Experimente a confirmar se 80% das reclamações dos seus clientes se situam, ou não, em 20% dos produtos que lhes fornece. Ou se, 80% do volume dos seus negócios estão, ou não, sob a responsabilidade de 20% dos seus empregados. Ou se, os seus “melhores colaboradores” correspondem, ou não, a 20% do total dos seus empregados. Podia estender a ideia a outras áreas, mas creio que basta para introduzir a matéria.
A tentação é evidente: Será de esperar que os resultados da aplicação dos programas de avaliação de desempenho se distribuam de acordo com a Lei de Pareto?
Creio que a maioria dos empresários afirmará que a fatia mais importante dos seus negócios está sob a responsabilidade duma pequena parte dos seus colaboradores, Mas que parte corresponde a quê? A vinte por cento?

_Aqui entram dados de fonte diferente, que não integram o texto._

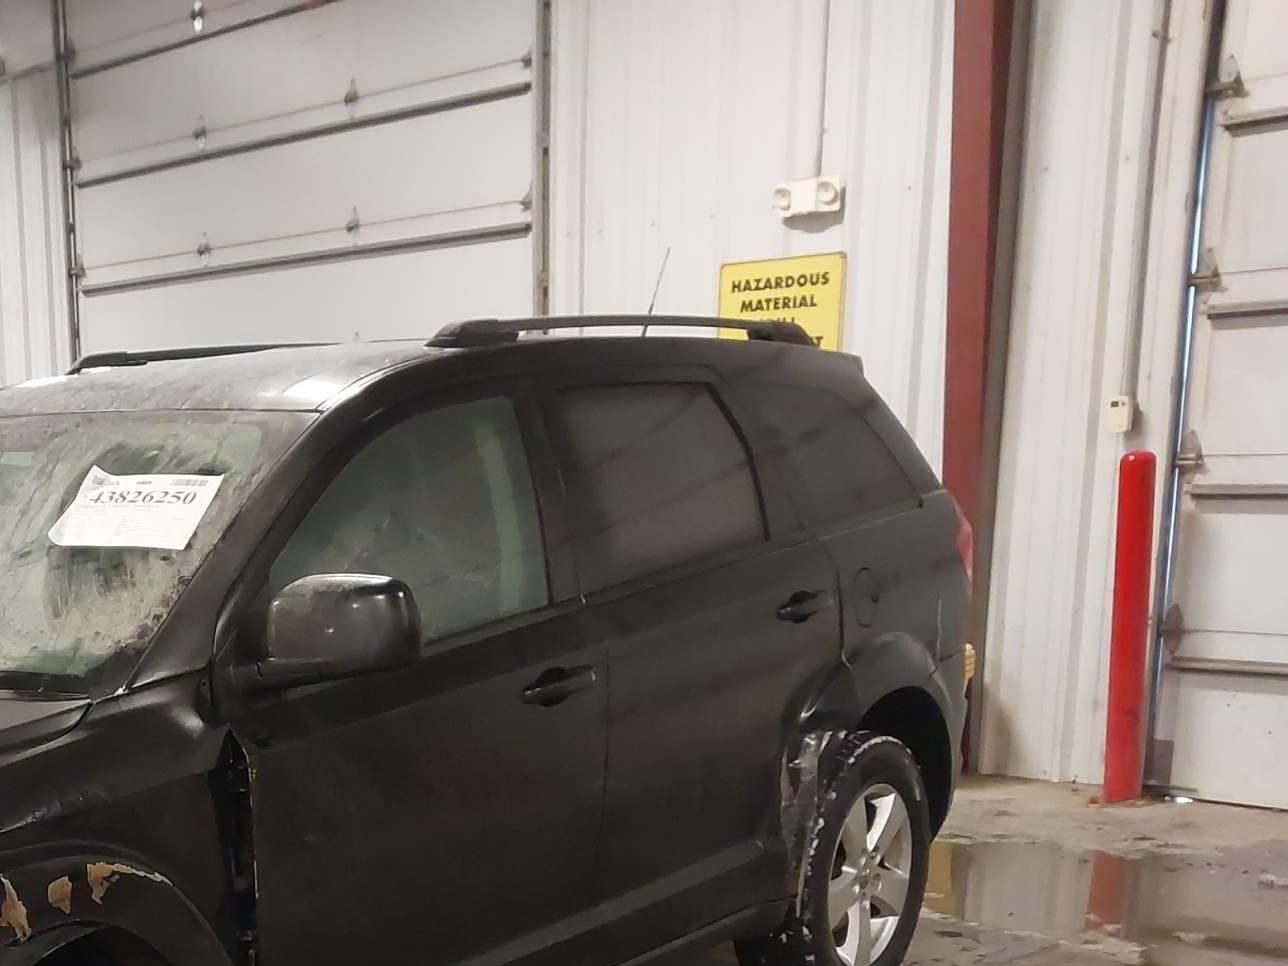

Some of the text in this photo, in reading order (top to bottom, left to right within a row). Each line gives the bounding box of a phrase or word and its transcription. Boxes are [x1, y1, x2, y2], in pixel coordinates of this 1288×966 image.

[731, 271, 830, 294] HAZARDOUS
[740, 294, 818, 313] MATERIAL
[90, 490, 197, 504] 43826250
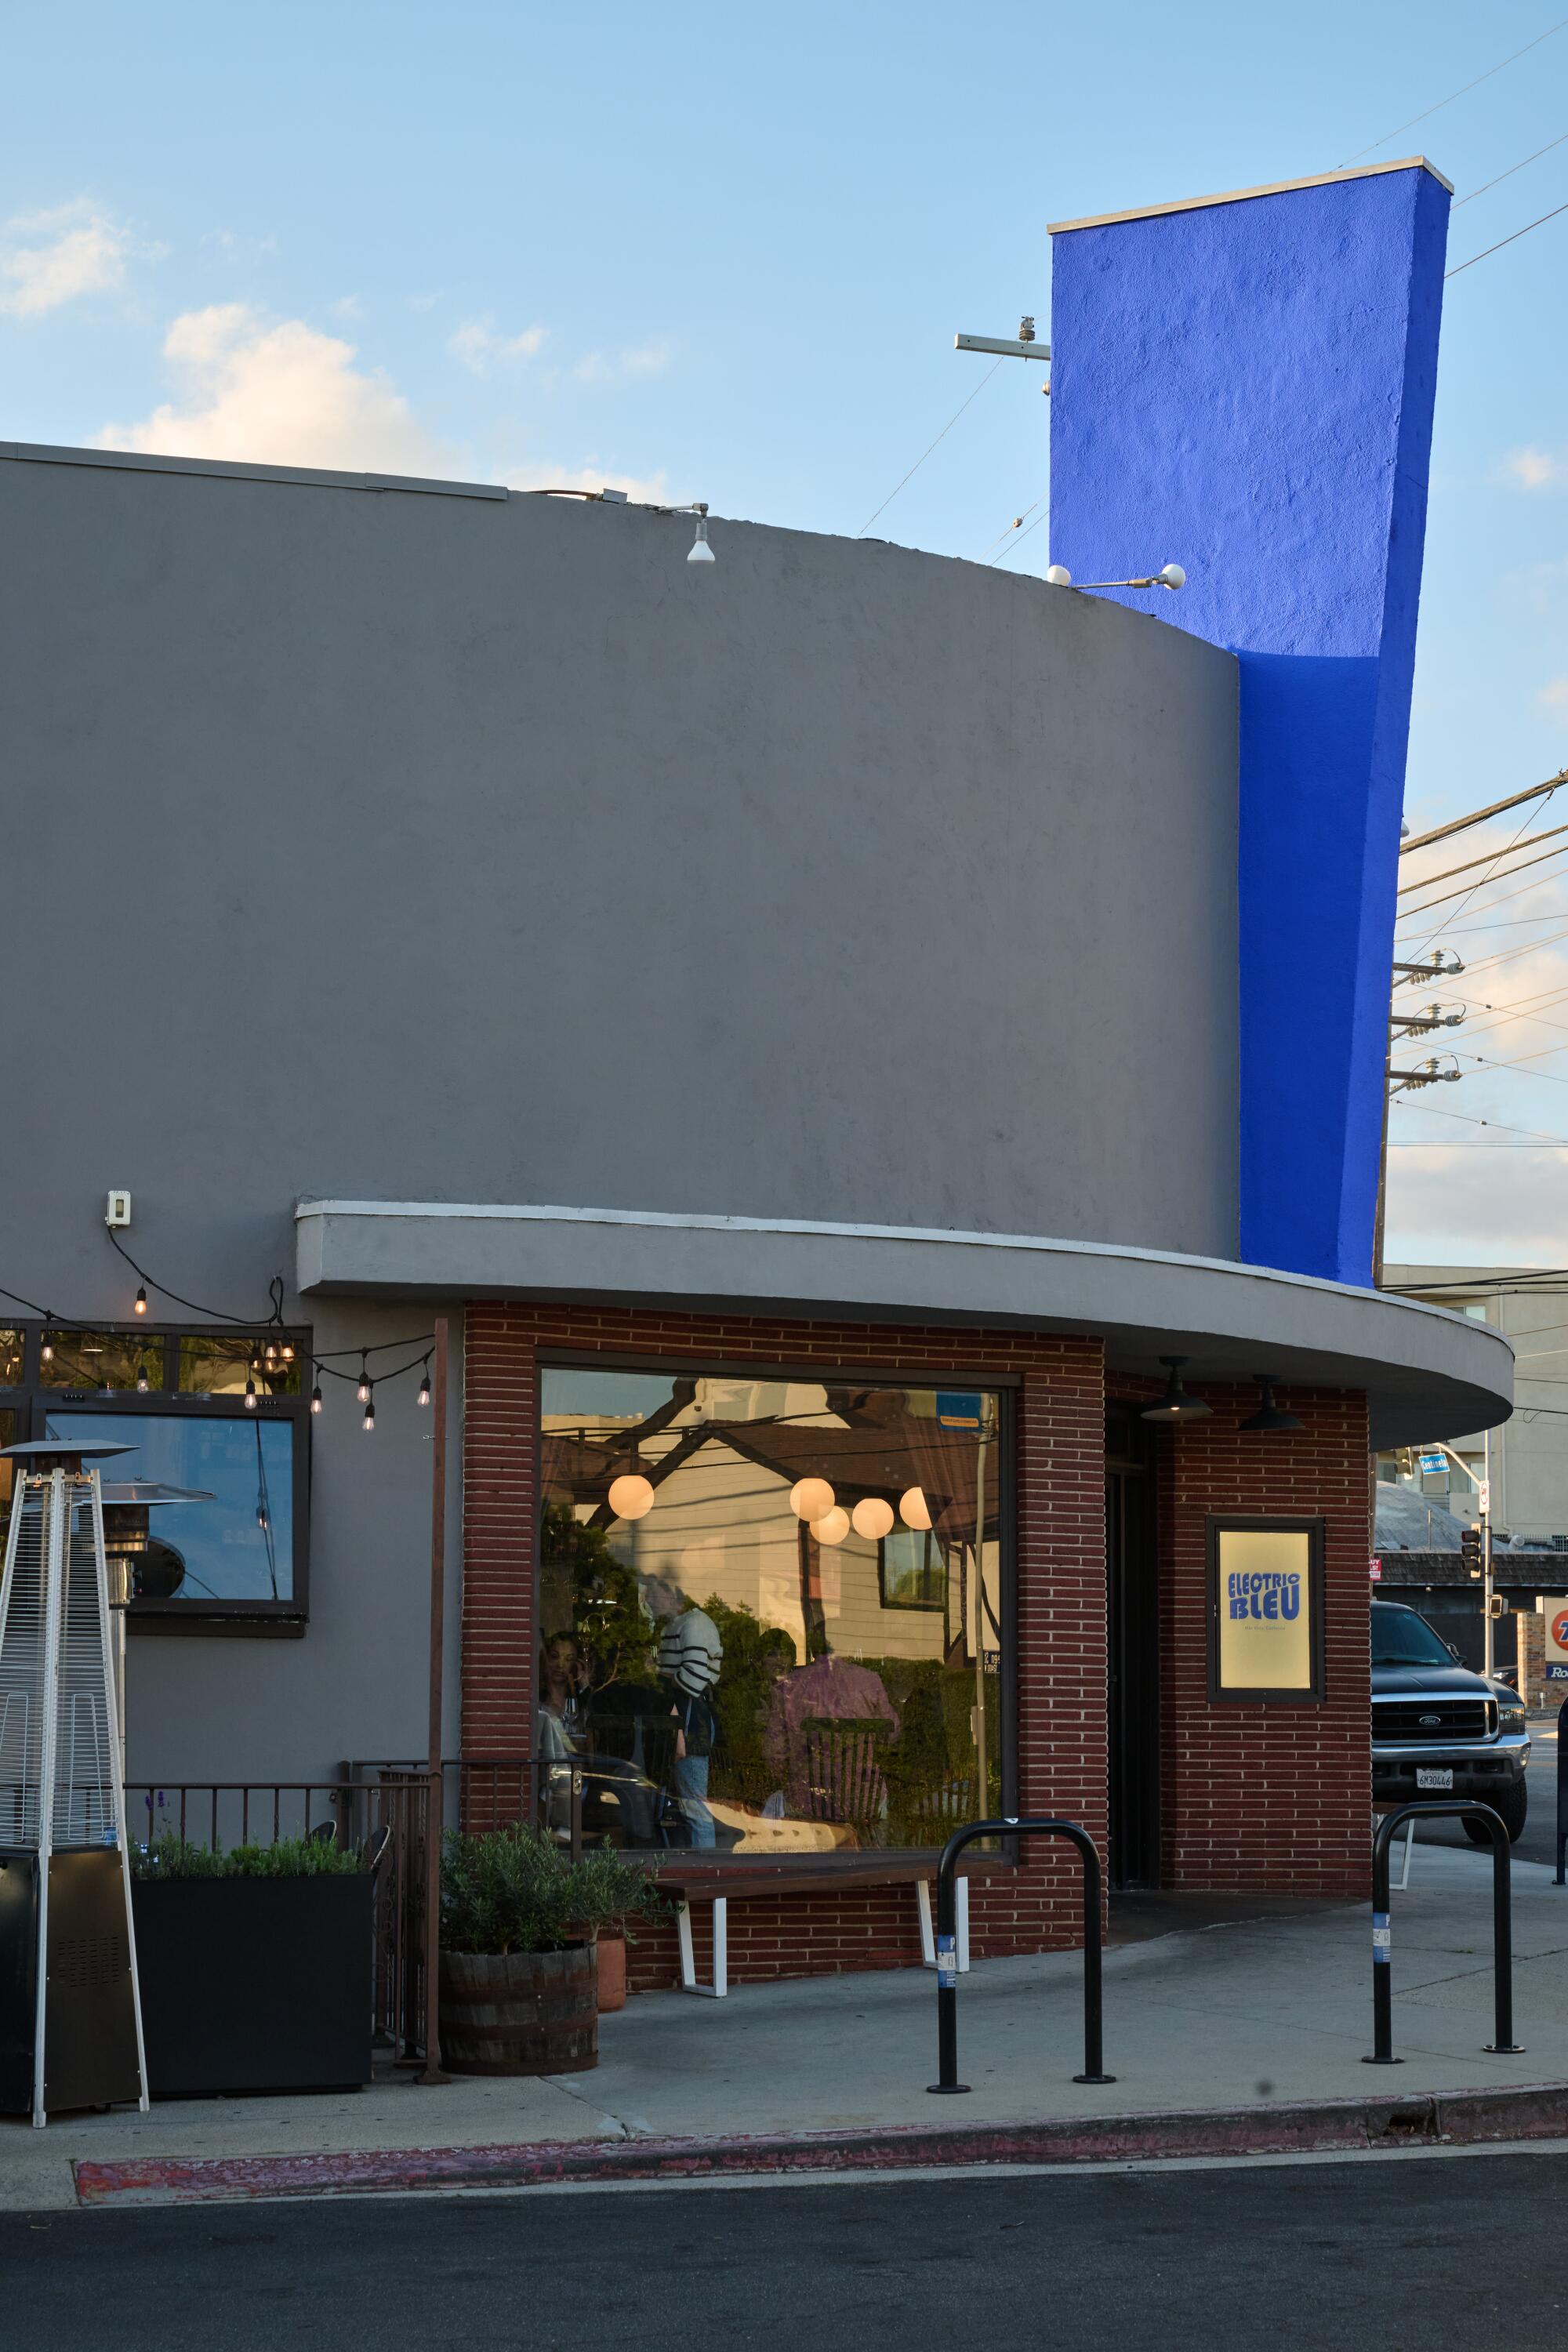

O activo mais importante das empresas

Quando se questiona um gestor acerca do que considera ser o factor crítico de diferenciação da sua empresa, capaz de constituir vantagem competitiva sustentável, é habitual recolher-se a seguinte resposta – os meus recursos humanos.
É bonito, é motivador, emite uma imagem bem positiva, é muitas vezes verdade, mas arrisca-se, por repetição, a soar como surdina (buzzword).
Pessoalmente, prefiro responder que são as pessoas e também os clientes [3]. Esta resposta ainda me impele mais à busca da correlação 80/20 quando da distribuição das classificações de desempenho dos colaboradores duma empresa.
Precise-se aqui esta afirmação, a fim de evitar equívocos – o que estou a dizer é que após a aplicação dos critérios e métricas apropriados não ficaria admirado se a regra 80/20 se verificasse. Irei até um pouco mais longe – se a distribuição 80/20 não for evidente, não se sentiria tentado a forçá-la, tão pouco duvidaria dos procedimentos empregues, mas não hesitaria em aproveitar os resultados para proceder ao estudo sobre a adequabilidade dos métodos e métricas à situação em causa.
Exagero? Não, simplesmente uma consequência de muitos anos de prática em Processos de Gestão de Desempenho e Procedimentos de Avaliação de Desempenho.

Talentos e Empecilhos

A captação, desenvolvimento, e retenção de talentos é uma preocupação permanente das empresas de sucesso. No entanto, os decisores cometem amiúde o erro crasso de esperar que os talentos sejam indivíduos com comportamentos absolutamente normais, a que acrescentam desempenhos excepcionais. Da minha experiência retiro a opinião contrária – em regra, os talentos são indivíduos que interiorizam atitudes superiores, baseadas em valores e princípios consistentes, e são elas que os conduzem aos comportamentos e resultados excepcionais que exteriorizam e atingem. Assim sendo, estabelecer aprioristicamente onde se situa a fronteira entre um talento e um criador de problemas pode não ser tarefa fácil, e o erro ocorre por efeito perverso que as primeiras impressões encerram.
O talento é normalmente um desalinhado, em geral um passo à frente dos outros. É entre eles que se encontram os futuros profissionais de excelência e os futuros líderes.
Esta dupla saída é essencial. Conheci demasiados casos de excelentes profissionais que, por via da “promoção” a chefe, resultaram em líderes inadaptados, confundidos, ineficazes. Um duplo prejuízo, portanto. Como se dizia nos corredores – “Perdeu-se um óptimo profissional, ganhou-se um mau manager”.
A identificação precoce das competências atitudinais das pessoas é crucial. Esta análise não exclui a pesquisa de competências técnicas, indispensáveis ao desempenho da função actual, mas é-lhe complementar na prospecção de resultados a atingir e futura carreira profissional, por ser bom preditor dos comportamentos futuros.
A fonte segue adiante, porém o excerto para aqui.